|Summary:||getHeaderText() and getFooterText() duplicate text in sheet.getTextRuns()|
|Product:||POI||Reporter:||Luke Quinane <luke.quinane>|
|Component:||HSLF||Assignee:||POI Developers List <dev>|
|Bug Depends on:|
sample where text is duplicated
Adding common placeholder getter
Description Luke Quinane 2015-07-21 07:08:32 UTC
Created attachment 32917 [details] sample where text is duplicated We are trying to write a text extractor which will convert a PPT to text, and we've noticed that if we only get the text from the sheet's text runs header and footer content is missing sometimes.

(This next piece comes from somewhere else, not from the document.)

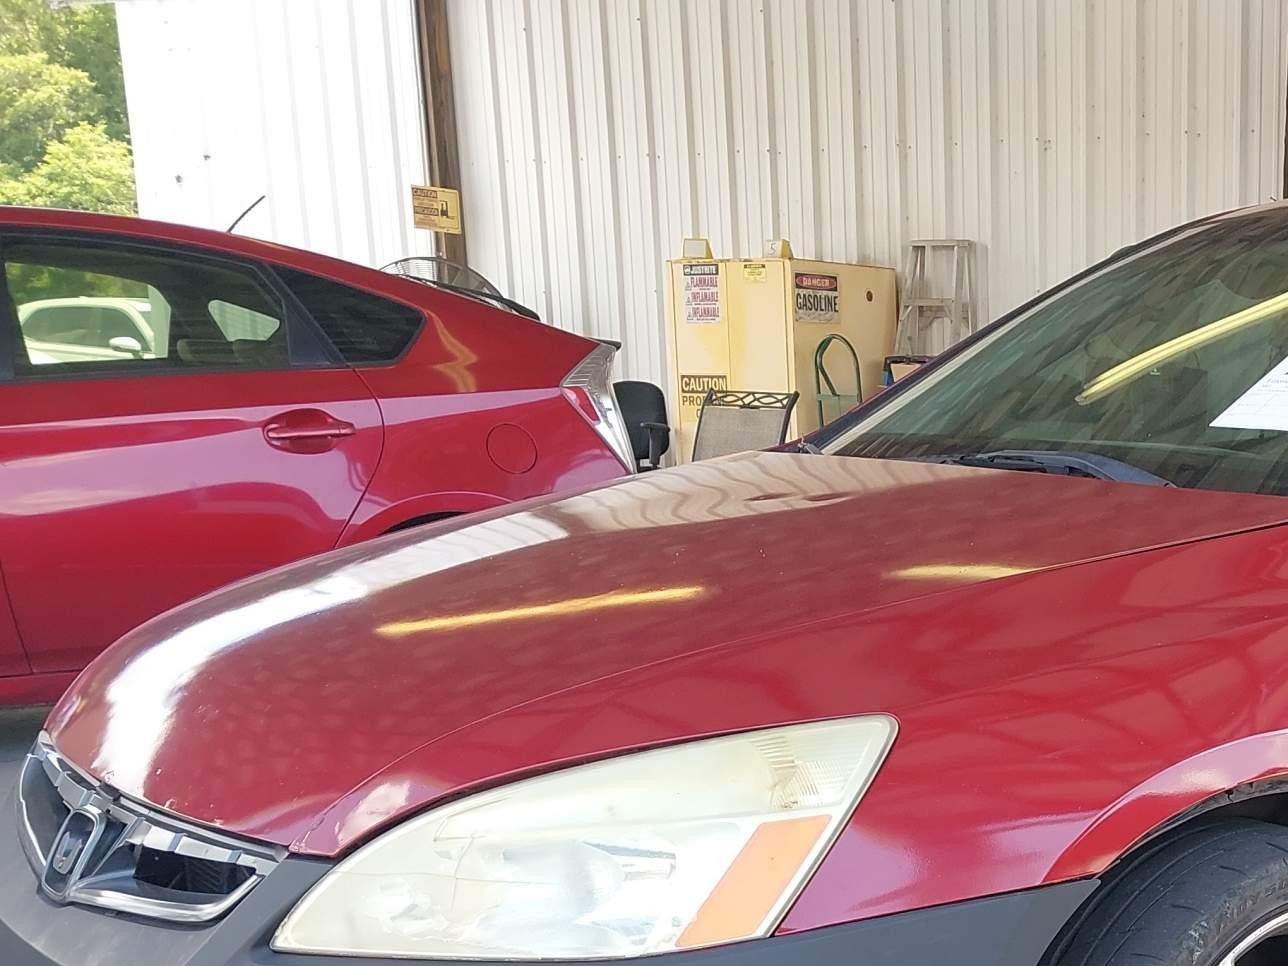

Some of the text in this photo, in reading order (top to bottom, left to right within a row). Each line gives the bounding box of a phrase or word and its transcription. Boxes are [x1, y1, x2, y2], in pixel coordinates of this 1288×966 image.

[802, 277, 830, 287] DANGER
[796, 293, 839, 312] GASOLINE
[682, 377, 727, 391] CAUTION

If we add in calls to getHeaderText() and getFooterText() then for some items the text is duplicated in the data runs. Can we change this behaviour to always return the header/footer text in the runs, or to remove the duplication? Thanks!
Comment 1 Nick Burch 2015-07-21 07:29:58 UTC
3.9 is rather old, what happens if you try with 3.12, or better yet the 3.13 beta 1 release which is currently syncing out to all the mirrors?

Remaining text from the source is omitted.